At last, in a new translation, this definitive edition contains entries about Anne’s burgeoning sexuality and confrontations with her mother that were cut from previous editions. Anne Frank’s The Diary of a Young Girl is among the most enduring documents of the twentieth century. Since its publication in 1947, it has been a beloved and deeply admired monument to the indestructible nature of the human spirit, read by millions of people and translated into more than fifty-five languages. Doubleday, which published the first English translation of the diary in 1952, now offers a new translation that captures Anne’s youthful spirit and restores the original material omitted by Anne’s father, Otto—approximately thirty percent of the diary. The elder Frank excised details about Anne’s emerging sexuality, and about the often-stormy relations between Anne and her mother.

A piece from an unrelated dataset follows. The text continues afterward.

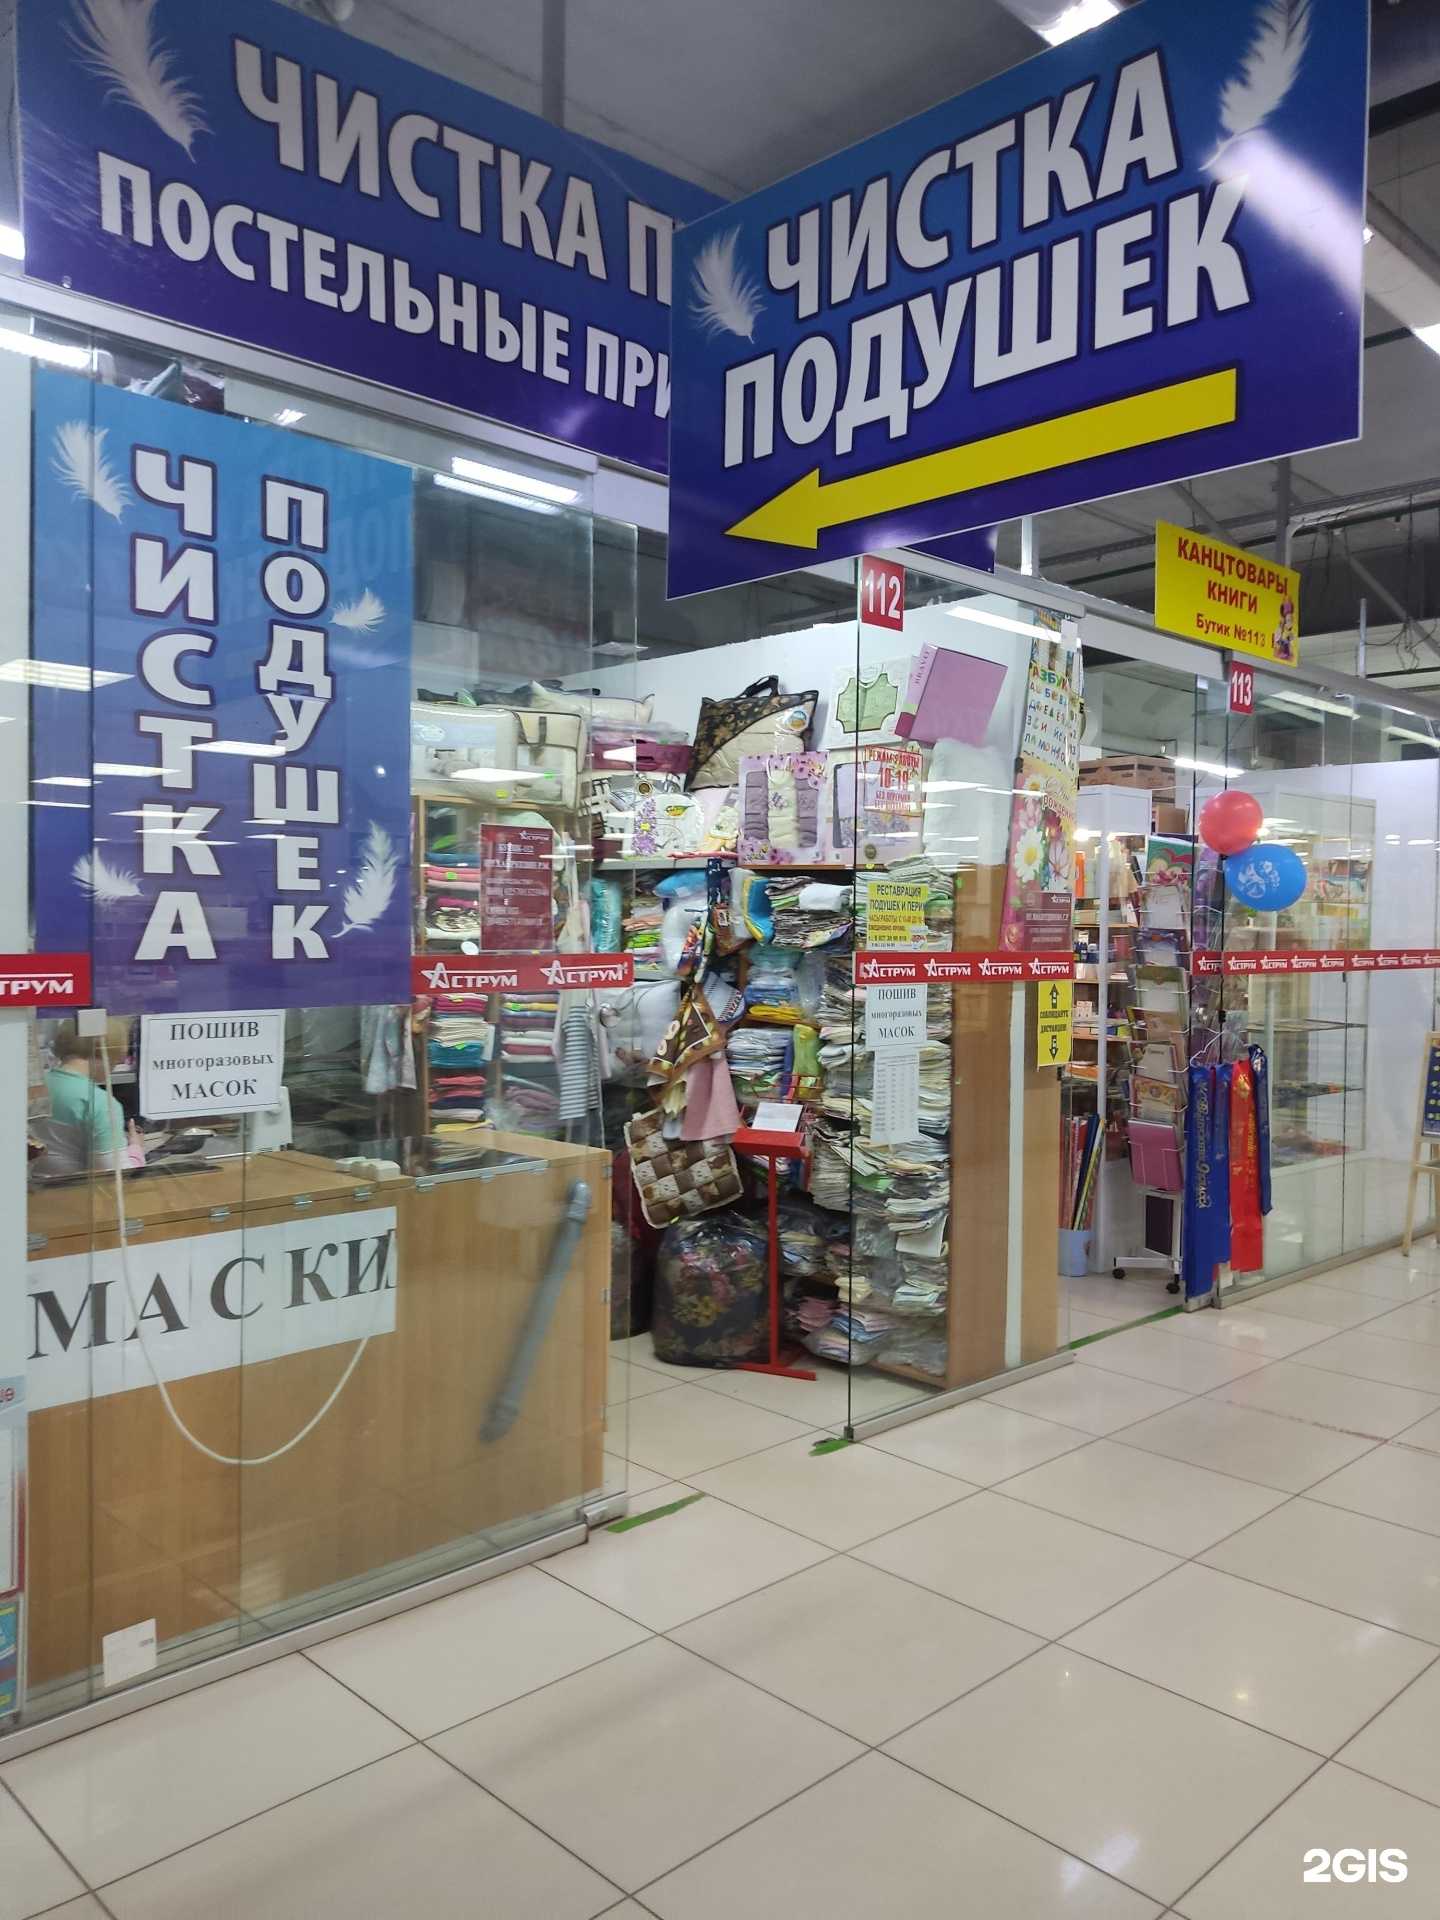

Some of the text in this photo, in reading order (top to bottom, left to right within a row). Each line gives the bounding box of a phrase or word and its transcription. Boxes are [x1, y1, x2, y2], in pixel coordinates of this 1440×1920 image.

Anne Frank and her family, fleeing the horrors of Nazi occupation forces, hid in the back of an Amsterdam office building for two years. This is Anne’s record of that time. She was thirteen when the family went into the “Secret Annex,” and in these pages, she grows to be a young woman and proves to be an insightful observer of human nature as well. A timeless story discovered by each new generation, The Diary of a Young Girl stands without peer. For young readers and adults, it continues to bring to life this young woman, who for a time survived the worst horrors the modern world had seen—and who remained triumphantly and heartbreakingly human throughout her ordeal.